Here's an explanation of various bankruptcy scams, including bust-outs and bleed-outs: http://www.crfonline.org/orc/pdf/ref11.pdf. Strictly speaking, amongst us bankruptcy fraud cognoscenti, AIG appears to be a "bleed-out" as opposed to a "bust-out". Either one can be prosecuted under 18 USC 152.
First AIG question: is GSG an insider or an outsider? Since GSG apparently had ED authorize AIG's insurance subsidiaries to "upstream" $20 billion to AIG's parent, GSG looks like an insider to me. I think GSG should be held to be a "control person" of AIG and this should be disclosed in both companies SEC filings. Chris Cox, are you listening? What do you do anyway?

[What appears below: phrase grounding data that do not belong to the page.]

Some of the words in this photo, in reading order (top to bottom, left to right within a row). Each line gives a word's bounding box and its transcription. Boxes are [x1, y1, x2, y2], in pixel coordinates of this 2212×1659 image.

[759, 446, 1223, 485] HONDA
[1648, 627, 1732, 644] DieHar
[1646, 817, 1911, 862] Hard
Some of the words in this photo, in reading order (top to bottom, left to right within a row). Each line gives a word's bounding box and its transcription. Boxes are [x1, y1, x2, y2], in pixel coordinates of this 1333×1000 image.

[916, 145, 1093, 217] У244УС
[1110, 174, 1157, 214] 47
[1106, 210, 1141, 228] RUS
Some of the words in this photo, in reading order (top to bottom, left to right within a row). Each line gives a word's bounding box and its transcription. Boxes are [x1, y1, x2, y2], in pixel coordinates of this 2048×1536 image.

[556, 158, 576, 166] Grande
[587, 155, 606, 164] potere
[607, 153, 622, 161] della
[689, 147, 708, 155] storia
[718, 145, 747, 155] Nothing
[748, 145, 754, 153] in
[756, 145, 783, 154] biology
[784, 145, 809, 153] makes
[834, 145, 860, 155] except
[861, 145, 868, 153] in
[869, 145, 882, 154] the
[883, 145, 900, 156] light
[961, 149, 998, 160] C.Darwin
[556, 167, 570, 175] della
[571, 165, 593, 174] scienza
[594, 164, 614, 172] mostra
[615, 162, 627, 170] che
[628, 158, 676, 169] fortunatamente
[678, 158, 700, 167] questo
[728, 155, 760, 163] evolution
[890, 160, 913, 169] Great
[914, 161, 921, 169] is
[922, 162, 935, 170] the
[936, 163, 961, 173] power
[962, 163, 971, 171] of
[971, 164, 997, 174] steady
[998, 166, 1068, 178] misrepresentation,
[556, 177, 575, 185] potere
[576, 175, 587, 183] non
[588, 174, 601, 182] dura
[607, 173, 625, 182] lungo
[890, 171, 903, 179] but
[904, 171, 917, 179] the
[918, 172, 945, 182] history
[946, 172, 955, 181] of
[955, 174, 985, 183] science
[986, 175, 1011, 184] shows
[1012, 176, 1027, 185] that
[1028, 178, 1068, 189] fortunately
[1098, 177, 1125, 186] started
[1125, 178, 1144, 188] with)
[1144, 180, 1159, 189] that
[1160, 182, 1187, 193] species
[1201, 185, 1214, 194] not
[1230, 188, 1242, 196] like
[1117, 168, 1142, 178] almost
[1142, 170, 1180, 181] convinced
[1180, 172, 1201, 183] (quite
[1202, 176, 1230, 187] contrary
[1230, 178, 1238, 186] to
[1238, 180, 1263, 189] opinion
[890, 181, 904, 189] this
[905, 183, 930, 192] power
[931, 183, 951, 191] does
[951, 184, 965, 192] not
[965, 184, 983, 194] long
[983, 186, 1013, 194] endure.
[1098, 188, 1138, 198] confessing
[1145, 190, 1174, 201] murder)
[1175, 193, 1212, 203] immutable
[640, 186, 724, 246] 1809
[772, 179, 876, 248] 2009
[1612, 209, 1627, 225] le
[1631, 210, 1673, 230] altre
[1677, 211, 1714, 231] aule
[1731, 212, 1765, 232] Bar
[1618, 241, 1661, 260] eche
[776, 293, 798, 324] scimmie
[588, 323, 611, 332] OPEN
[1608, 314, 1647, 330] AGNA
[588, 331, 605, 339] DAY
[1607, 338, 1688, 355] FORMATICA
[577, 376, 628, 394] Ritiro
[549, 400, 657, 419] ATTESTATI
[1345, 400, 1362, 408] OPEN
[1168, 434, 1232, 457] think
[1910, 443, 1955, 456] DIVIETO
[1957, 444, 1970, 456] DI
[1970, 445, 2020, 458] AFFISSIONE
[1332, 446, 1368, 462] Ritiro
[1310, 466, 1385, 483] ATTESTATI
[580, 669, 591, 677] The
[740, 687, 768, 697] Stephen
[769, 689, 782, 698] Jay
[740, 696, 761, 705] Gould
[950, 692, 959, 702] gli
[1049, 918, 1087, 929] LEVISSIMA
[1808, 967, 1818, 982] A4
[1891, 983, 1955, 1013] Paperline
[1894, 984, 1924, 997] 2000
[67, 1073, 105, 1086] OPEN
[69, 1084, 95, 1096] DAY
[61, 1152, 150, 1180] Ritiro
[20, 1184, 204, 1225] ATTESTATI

The Ruth case is a recent insurance company bust-out. These things get prosecuted from time-to-time.
Existing bondholders usually are injured by LBOs.
RB, a managing director of FTI Consulting correctly describes the three solvency tests. It is clear AIG would fail the third and possibly the second test. To be insolvent, one need fail any of the three tests.
AIG is like BCE in that creditors' relative positions are being shuffled around to benefit say, GSG, and injure AIG insurance subsidiary policy holders.
Doesn't this give to great confidence in the Big 87654's work?
I handn't thought about this before, but KPMG audits Citigroup. It should never have accepted this valuation assignment.
Step right up ladies and gentlemen, in this corner, the largest bankruptcy fraud in history. Frank Easterbrook must be laughing at this. Over 16 months. Hmm. Just get over that 12 month period for the last payment and we're home free! AIG should have filed bankruptcy in September.